Y por supuesto que la gente trabajadora no queremos que alguien labore doce horas y cotice seis, personas contratadas como pañuelos de usar y tirar, privadas de libertad sindical o que tengan que reclamar ser reconocidas como asalariadas. Pero estas reivindicaciones (que atienden a la lógica de limitar por abajo) no pueden ser la punta de lanza de la agenda obrera, ni las plantillas que se encuentran en esa situación, la primera línea frente a los empresarios. Sería injusto y poco funcional.
En su lugar, hay que recuperar el énfasis sobre políticas que supongan mejoras significativas para el conjunto de los trabajadores y asumir que nos toca tirar del carro, a las plantillas de las grandes empresas y los sectores estratégicos, donde a pesar de la merma general, siguen quedando más derechos. En definitiva, sustituir “poner el tapón” por “salir del agua”, porque cuando emerge y se eleva, automáticamente todo el cuerpo asciende.
El movimiento obrero hemos tenido éxito a lo largo de nuestra historia cuando se han empuñado banderas como la jornada de ocho horas, el derecho a huelga, los descansos semanales, etc. Reclamaciones con capacidad expansiva que permitían que millones de personas entendieran que su consecución tendría un enorme y positivo impacto sobre sus vidas.

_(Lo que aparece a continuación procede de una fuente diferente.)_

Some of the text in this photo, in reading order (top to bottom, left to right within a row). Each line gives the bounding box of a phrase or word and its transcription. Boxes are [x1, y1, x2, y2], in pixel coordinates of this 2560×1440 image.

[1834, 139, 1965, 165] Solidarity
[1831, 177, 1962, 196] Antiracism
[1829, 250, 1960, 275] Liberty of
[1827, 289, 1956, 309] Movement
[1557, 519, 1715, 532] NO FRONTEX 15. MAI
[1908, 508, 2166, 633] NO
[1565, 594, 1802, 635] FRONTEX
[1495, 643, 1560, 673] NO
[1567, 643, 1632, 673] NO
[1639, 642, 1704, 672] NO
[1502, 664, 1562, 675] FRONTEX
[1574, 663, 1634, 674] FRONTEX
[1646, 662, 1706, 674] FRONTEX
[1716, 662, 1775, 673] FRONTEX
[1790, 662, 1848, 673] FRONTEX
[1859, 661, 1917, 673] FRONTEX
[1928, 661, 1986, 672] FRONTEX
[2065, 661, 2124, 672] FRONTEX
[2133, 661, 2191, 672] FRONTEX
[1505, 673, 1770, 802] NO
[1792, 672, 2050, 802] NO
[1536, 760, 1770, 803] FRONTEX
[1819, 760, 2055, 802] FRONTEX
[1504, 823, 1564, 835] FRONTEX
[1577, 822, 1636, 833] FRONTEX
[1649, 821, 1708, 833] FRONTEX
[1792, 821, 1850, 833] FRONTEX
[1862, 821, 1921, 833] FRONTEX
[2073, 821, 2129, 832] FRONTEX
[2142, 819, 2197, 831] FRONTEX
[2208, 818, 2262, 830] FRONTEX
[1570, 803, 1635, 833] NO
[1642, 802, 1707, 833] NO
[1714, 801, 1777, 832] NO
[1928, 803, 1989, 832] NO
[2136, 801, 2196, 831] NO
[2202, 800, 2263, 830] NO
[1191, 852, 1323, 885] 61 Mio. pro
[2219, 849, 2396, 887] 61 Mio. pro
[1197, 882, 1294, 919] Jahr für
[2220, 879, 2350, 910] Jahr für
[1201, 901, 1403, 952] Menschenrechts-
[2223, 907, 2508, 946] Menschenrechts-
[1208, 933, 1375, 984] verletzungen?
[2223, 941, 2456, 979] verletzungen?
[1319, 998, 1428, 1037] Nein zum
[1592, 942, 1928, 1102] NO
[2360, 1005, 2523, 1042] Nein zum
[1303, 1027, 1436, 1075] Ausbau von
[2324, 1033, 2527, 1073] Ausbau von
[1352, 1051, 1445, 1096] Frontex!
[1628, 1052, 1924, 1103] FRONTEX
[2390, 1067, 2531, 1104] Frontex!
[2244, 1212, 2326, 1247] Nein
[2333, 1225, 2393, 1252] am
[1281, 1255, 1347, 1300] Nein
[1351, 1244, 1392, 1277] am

Desde luego, la solidaridad entre trabajadores nos mandata luchar por impedir que haya gente empleada en condiciones de miseria, así como extender la organización sindical y política a los sectores laborales más vulnerables. Pero siguen siendo reivindicaciones de avanzada como la derogación de las reformas laborales, la reducción colectiva del tiempo de trabajo o la socialización de los cuidados, las que permiten emerger y tirar de todos hacia arriba.